Eine »Extrasuppe« in diesem Sinne kocht das Dussmann-Team für die Profispieler nicht. »Alle Gerichte werden für alle Catering-Bereiche des DFB-Campus auf gleich hohem Niveau zubereitet«, bestätigt Vellage und gibt dann ein Beispiel: »Manuel Neuer bekommt die gleichen Hülsenfrüchte als Beilage zubereitet wie jeder andere Gast im Mitarbeiterrestaurant – von der Rezeptur über die Zubereitung bis zur Darreichung.« Der entscheidende Unterschied: Die Speisepläne der Spieler werden zunächst als Rahmenplan mit einer Einheitspreiskalkulation vorgefertigt. Sobald die Mannschaften dann am DFB-Campus vor Ort sind, werden die Menüs in Absprache mit den jeweils eigenen Sportmanagern und Ernährungsberatern und in Abhängigkeit der Trainingseinheiten der Teams feingetunt – also letztlich hinsichtlich ihres Nährwertgehalts und der finalen Preisauswertung ausgestaltet. Meist sind diese wesentlich hochkalorischer als »normale« Gerichte.

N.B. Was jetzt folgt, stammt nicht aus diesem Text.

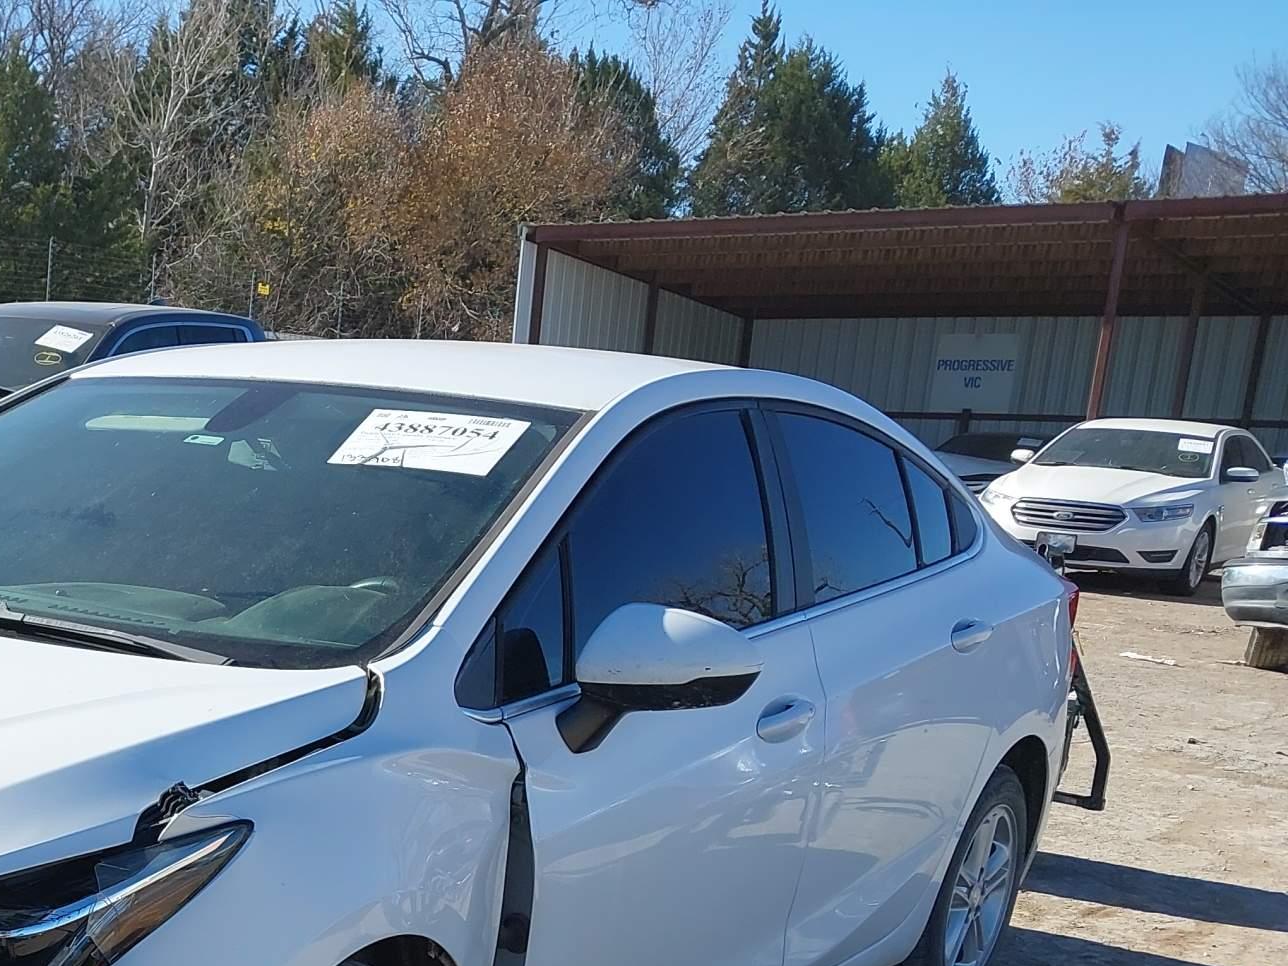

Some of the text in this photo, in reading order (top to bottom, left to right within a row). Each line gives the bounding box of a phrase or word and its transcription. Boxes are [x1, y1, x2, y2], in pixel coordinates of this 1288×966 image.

Alles also gar nicht mal so glamourös, wie man es sich vielleicht vorstellen mag. »Hier ist alles vor allem eines: praktikabel«, betont der Dussmann-Manager. Während nämlich die Mitarbeiter aus den Verwaltungsbereichen mittags im öffentlichen Bereich des Restaurants essen, sammeln sich die Spieler nebenan im räumlich getrennten Separee zum gemeinsamen Essen bei einer taktischen Strategie­besprechung. Häufig trainieren die Mannschaften auch bis in die späten Abendstunden, bekommen danach reihenweise physiotherapeutische Anwendung und müssen anschließend ihre Energiespeicher mit hochwertigen Speisen auffüllen. »Wir führen sozu­sagen eine 7-Tage-Woche, fast sogar  einen 24-Stunden-Betrieb. Wir sind praktisch wie ein Hotel – nur sportlicher«, so Vellage. 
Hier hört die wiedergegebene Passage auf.